Two weeks ago, a sharply divided Supreme Court rejected an attempt to declare unlawful the secretary of state for health’s refusal to fund abortions on the NHS for women travelling to England from Northern Ireland.

The Abortion Act 1967 does not apply in NI. Sections 57 and 58 of the Offences Against the Person Act 1861 are still in force, and make performing or having an abortion a criminal offence. Criminal law relating to abortion has been devolved to the NI Assembly. It is not an offence for NI women to obtain abortions in Britain. Official statistics suggest around 1,000 per year do so, although this is likely to be a considerable underestimate.

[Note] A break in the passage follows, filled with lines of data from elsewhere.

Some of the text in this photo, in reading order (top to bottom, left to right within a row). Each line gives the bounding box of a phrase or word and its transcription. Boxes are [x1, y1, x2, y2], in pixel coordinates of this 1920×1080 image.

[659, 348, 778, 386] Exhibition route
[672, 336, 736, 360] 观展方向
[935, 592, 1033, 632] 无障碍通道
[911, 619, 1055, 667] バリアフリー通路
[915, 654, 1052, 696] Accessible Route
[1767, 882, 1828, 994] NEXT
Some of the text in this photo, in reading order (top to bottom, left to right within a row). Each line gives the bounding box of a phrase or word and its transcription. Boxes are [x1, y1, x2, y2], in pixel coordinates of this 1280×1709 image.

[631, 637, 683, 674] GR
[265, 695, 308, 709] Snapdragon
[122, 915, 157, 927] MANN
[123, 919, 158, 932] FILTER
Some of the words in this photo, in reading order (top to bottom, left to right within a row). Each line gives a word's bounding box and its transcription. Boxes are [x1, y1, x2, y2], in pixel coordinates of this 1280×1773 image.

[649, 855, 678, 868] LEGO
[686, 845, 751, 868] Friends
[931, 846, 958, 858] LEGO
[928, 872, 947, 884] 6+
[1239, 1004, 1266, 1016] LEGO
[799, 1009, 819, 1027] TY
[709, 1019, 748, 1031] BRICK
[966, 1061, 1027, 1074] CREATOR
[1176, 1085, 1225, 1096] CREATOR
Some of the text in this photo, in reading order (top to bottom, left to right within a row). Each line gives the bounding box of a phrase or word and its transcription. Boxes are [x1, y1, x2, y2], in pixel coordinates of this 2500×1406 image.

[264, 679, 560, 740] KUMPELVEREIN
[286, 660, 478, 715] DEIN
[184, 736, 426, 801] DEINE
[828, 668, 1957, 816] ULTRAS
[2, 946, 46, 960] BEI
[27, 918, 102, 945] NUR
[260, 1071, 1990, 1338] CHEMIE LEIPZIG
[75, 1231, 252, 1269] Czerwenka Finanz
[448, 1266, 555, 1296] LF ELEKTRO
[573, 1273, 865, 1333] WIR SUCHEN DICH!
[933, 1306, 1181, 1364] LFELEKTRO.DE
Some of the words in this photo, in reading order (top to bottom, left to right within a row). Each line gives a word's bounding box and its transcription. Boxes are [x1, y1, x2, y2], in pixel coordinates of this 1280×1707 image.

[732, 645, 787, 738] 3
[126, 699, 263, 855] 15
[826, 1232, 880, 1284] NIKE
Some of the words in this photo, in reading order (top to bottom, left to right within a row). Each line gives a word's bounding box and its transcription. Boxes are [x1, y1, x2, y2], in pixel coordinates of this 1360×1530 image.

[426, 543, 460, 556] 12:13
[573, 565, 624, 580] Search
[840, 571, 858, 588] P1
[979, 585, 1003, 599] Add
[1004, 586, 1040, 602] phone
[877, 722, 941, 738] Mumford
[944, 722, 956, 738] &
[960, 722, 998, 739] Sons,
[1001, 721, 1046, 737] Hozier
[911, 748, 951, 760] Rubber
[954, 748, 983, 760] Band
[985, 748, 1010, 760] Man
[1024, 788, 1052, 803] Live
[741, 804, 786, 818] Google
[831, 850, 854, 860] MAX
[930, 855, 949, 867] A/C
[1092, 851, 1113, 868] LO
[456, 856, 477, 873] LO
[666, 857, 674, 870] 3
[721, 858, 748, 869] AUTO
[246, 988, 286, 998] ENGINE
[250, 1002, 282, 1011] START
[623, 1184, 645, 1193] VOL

In 2012, aged 15, A fell pregnant and travelled with her mother, B, to Manchester for an early termination from a private healthcare provider. The cost of the termination was £600, and A and B struggled to raise this at short notice. A brought a judicial review of the secretary of state’s decision not to allow termination on the NHS in England to women from NI, arguing that as a UK citizen she should be entitled to this on the same basis as those resident in England.

Duty to promote health service

The question for the Supreme Court was whether the health secretary’s failure to exercise his power to require that abortion services be provided through the NHS in England to women ordinarily resident in NI was unlawful under the NHS Act 2006.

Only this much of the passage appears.